老蔫的嫂子就不用说了,她乐意“闻香到”在她肥硕的肚皮上加盖公章,她现在是个寡妇。她的女儿小美不乐意,她还是个花一般的女儿家呀。
小美是个惹人疼的苦孩子,她的爹,就是老蔫的哥,去山西挖煤,薄命搭那儿了。他媳妇揣上抚恤金想走,她公爹不答应,没奈何,就留下了。但两个孩子她不养,就推给了老蔫。老蔫的日子也不好过,可怜孩子,就揽下了。日子苦,懂事的小美就辍学了,去南方打工挣钱,好缓解家里捉襟见肘的境况。最近请病假在家休养呢,就被“闻香到”盯上了,就被她亲娘跟“闻香到”合伙骗了。“闻香到”是个贪嘴的狼,他想咬住小美受用个够。
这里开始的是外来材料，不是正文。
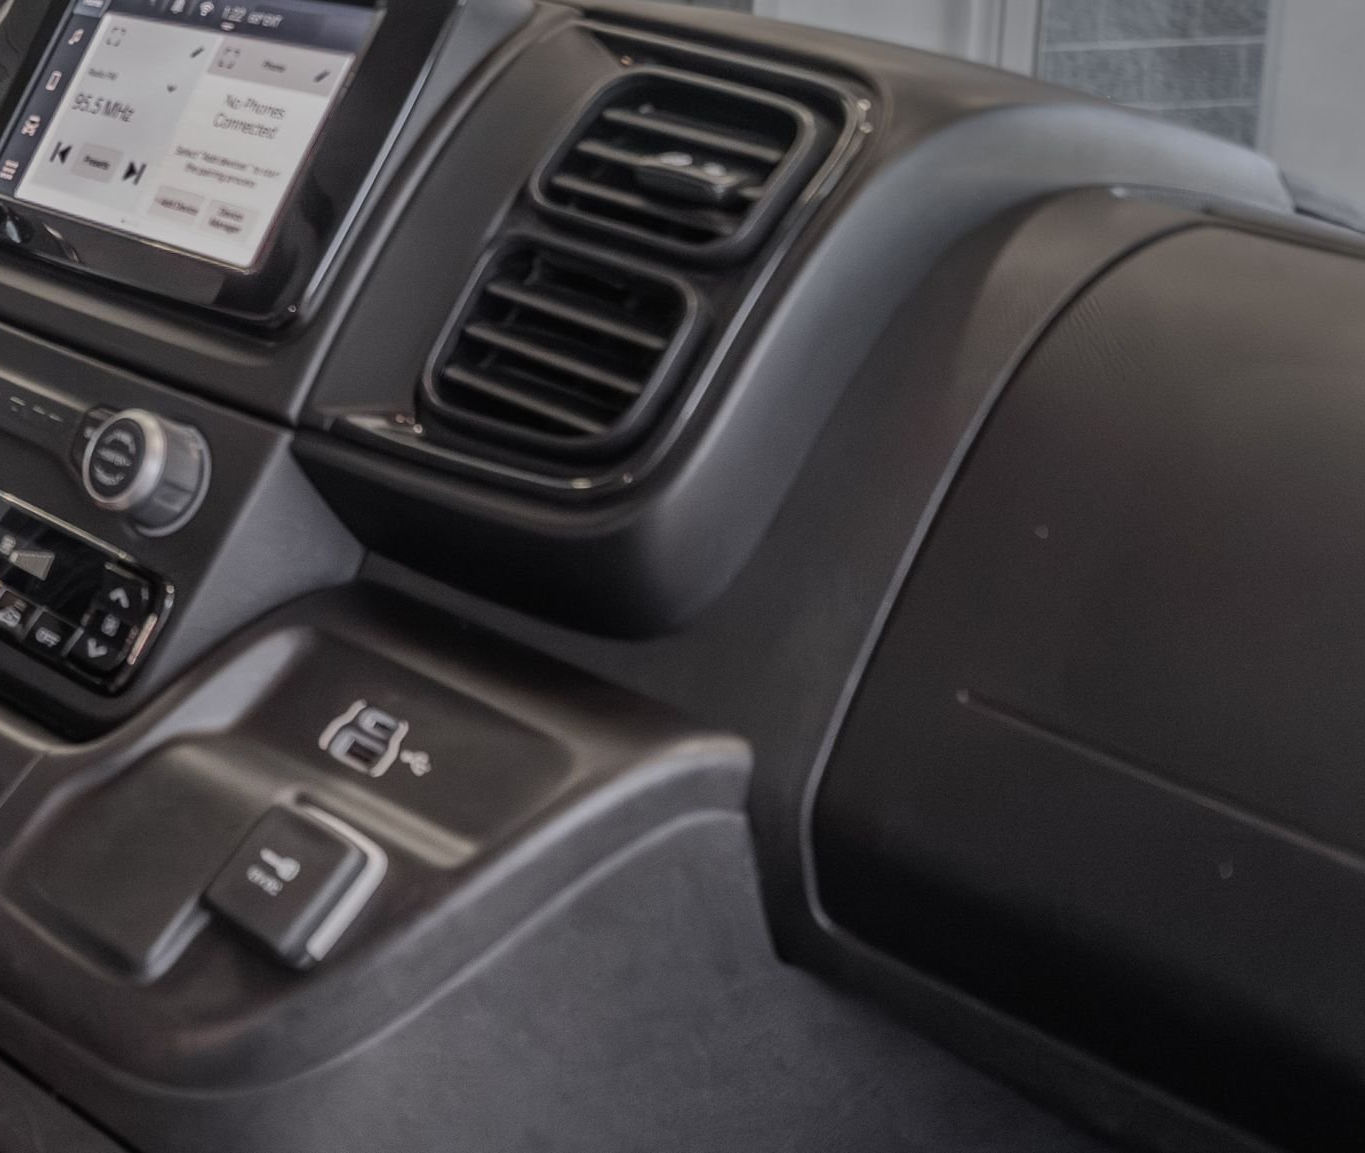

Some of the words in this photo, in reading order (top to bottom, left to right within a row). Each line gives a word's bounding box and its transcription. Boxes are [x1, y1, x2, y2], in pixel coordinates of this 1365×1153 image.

[72, 93, 104, 115] 95.5
[103, 100, 136, 123] MHz
[212, 113, 279, 140] Connected
小美不忍了,就求她的老蔫爹。她也只有这个老蔫爹能够求助了。
那天小美哭啼啼倒在老蔫脚下,老蔫就啥都明白了。这事村里已经传开了,堵人的嘴比堵水难。老蔫火,火得心肝肺都要炸了。火得睡不着的夜晚,他也想就捅了那厮吧,捅了好,对小美好,对一庄上的女人好,对乡亲好,连鸡犬都会觉着好。可老蔫不能不想他的瘸腿女人,他的老父亲老母亲,他的五个孩子。虽说他老蔫不怎么的,他们离开他试试,还不跟天塌地陷了似的?
感觉走不下去的时候,老蔫会对着黑漆漆的夜流泪,仿佛对着他哥跟小美。他会喊:哥,对不住!闺女,对不住!像个罪人那样。老蔫本没想到侄女来求他。可侄女来求他了,还哭得泪人样儿。老蔫一跺脚,心就硬了。等小美走后,老蔫从厨房里拿出菜刀,试试锋芒,不利,走到压井那儿,找出磨刀石,洒些水,磨刀,磨,磨,声音“嚯嚯”的。试了几次,行了,削发如泥。老婆孩子走亲戚去了,是个机会。老蔫就带了门去邻庄买了四个小菜回来,搬了方桌凳子,在堂屋当间摆好,那把菜刀藏进他要坐的那个位置的抽斗里。一切准备停当,才去把“闻香到”“请”进家里。
眼神刚一搭上“闻香到”横肉堆就的脸,老蔫的眼就红了。可火得压住。他试着笑,试着恭维“闻香到”,不停地劝酒。两瓶二锅头下去,“闻香到”醉了,醉成一堆腐肉,摊在地上,人事不省。老蔫想都没想,拉开抽斗,拿出菜刀,剁了他,剐了他,削了他,27刀。砍完了,血淋淋的菜刀依然冷光闪烁。
这是一个恶性案件,不到半年,老蔫就被执行枪决,枪决的地点是他们村庄西北角的一个三角坑。老蔫一直在仇恨里自豪着,他一直相信他为庄上除了一害。行刑车上,老蔫面无惧色,只是不断地朝村庄的方向眺望,像个荣归的英雄,期盼欢呼、称颂。
啧啧,逼急的兔子也咬人啊!村人叹。可等到老蔫的坟上长满草芽,等到草芽变作枯草,人们依然难在老蔫的故事中回过味来。
老蔫就这样走了,那年他31岁,是五个孩子的父亲,一个瘸腿女人的丈夫,一对古稀老人的防老儿子,正是领家过日子的好时候。